### Problem to work on
Where a picture appears, leave it out, and print the rest of the records as they are.

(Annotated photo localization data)
:::::
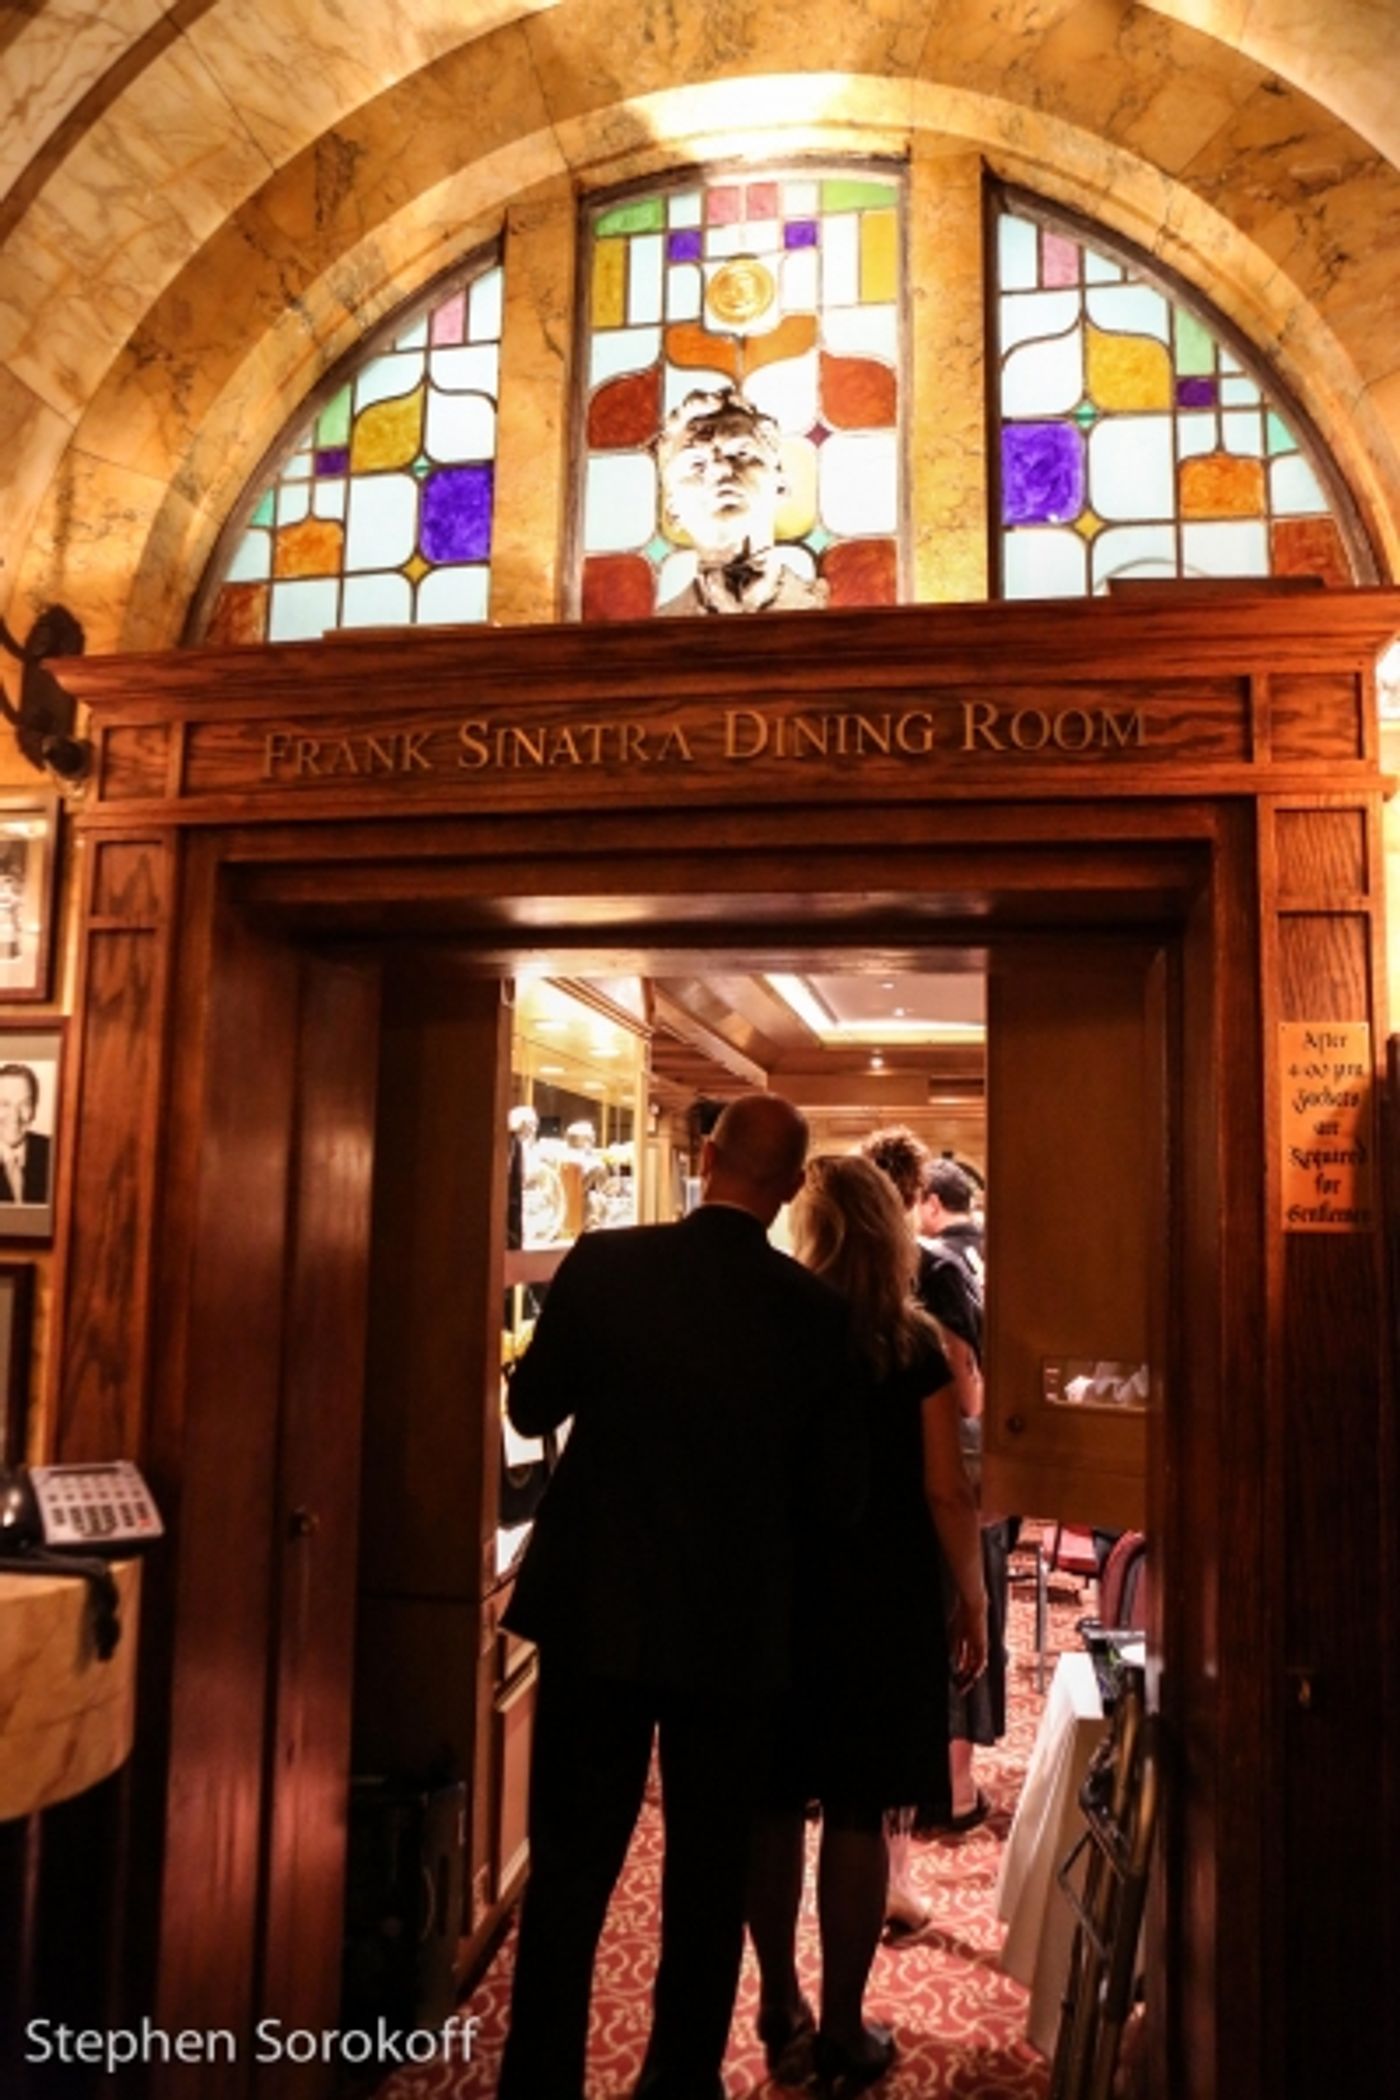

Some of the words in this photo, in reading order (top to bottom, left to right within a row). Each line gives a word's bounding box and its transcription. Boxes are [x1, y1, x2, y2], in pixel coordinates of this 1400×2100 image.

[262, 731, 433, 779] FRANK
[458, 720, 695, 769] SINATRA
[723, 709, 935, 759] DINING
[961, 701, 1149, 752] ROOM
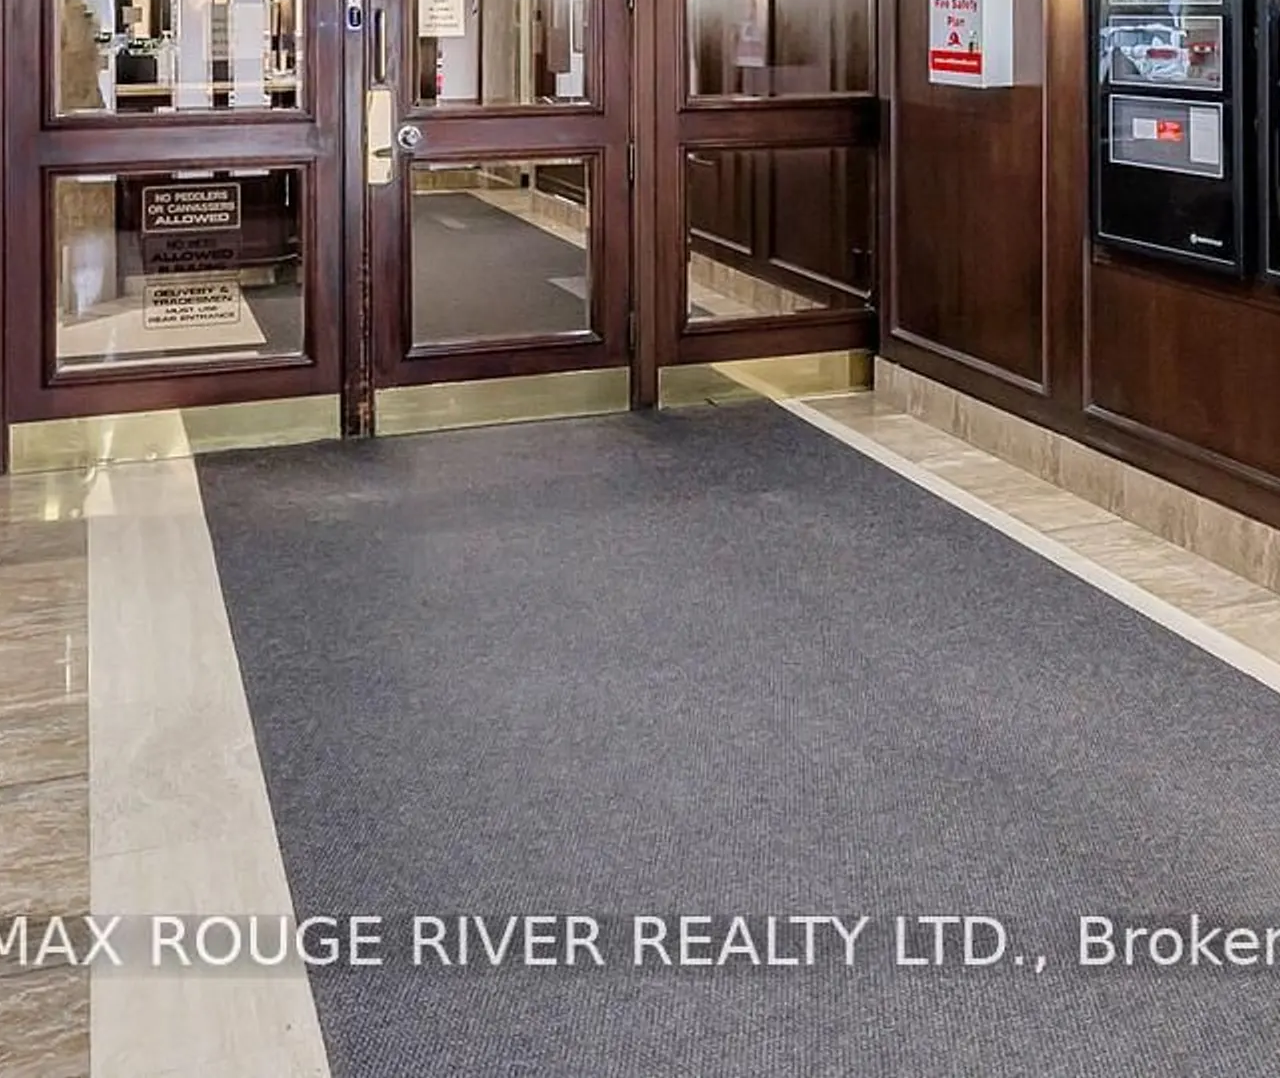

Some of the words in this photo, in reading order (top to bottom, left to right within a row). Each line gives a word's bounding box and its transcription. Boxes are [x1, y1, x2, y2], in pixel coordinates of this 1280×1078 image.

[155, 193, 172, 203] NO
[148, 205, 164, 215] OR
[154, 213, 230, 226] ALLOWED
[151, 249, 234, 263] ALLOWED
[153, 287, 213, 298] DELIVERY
:::::
### Response to this exercise
Some of the words in this photo, in reading order (top to bottom, left to right within a row). Each line gives a word's bounding box and its transcription. Boxes are [x1, y1, x2, y2], in pixel coordinates of this 1400×2100 image.

[262, 731, 433, 779] FRANK
[458, 720, 695, 769] SINATRA
[723, 709, 935, 759] DINING
[961, 701, 1149, 752] ROOM

Some of the words in this photo, in reading order (top to bottom, left to right within a row). Each line gives a word's bounding box and its transcription. Boxes are [x1, y1, x2, y2], in pixel coordinates of this 1280×1078 image.

[155, 193, 172, 203] NO
[148, 205, 164, 215] OR
[154, 213, 230, 226] ALLOWED
[151, 249, 234, 263] ALLOWED
[153, 287, 213, 298] DELIVERY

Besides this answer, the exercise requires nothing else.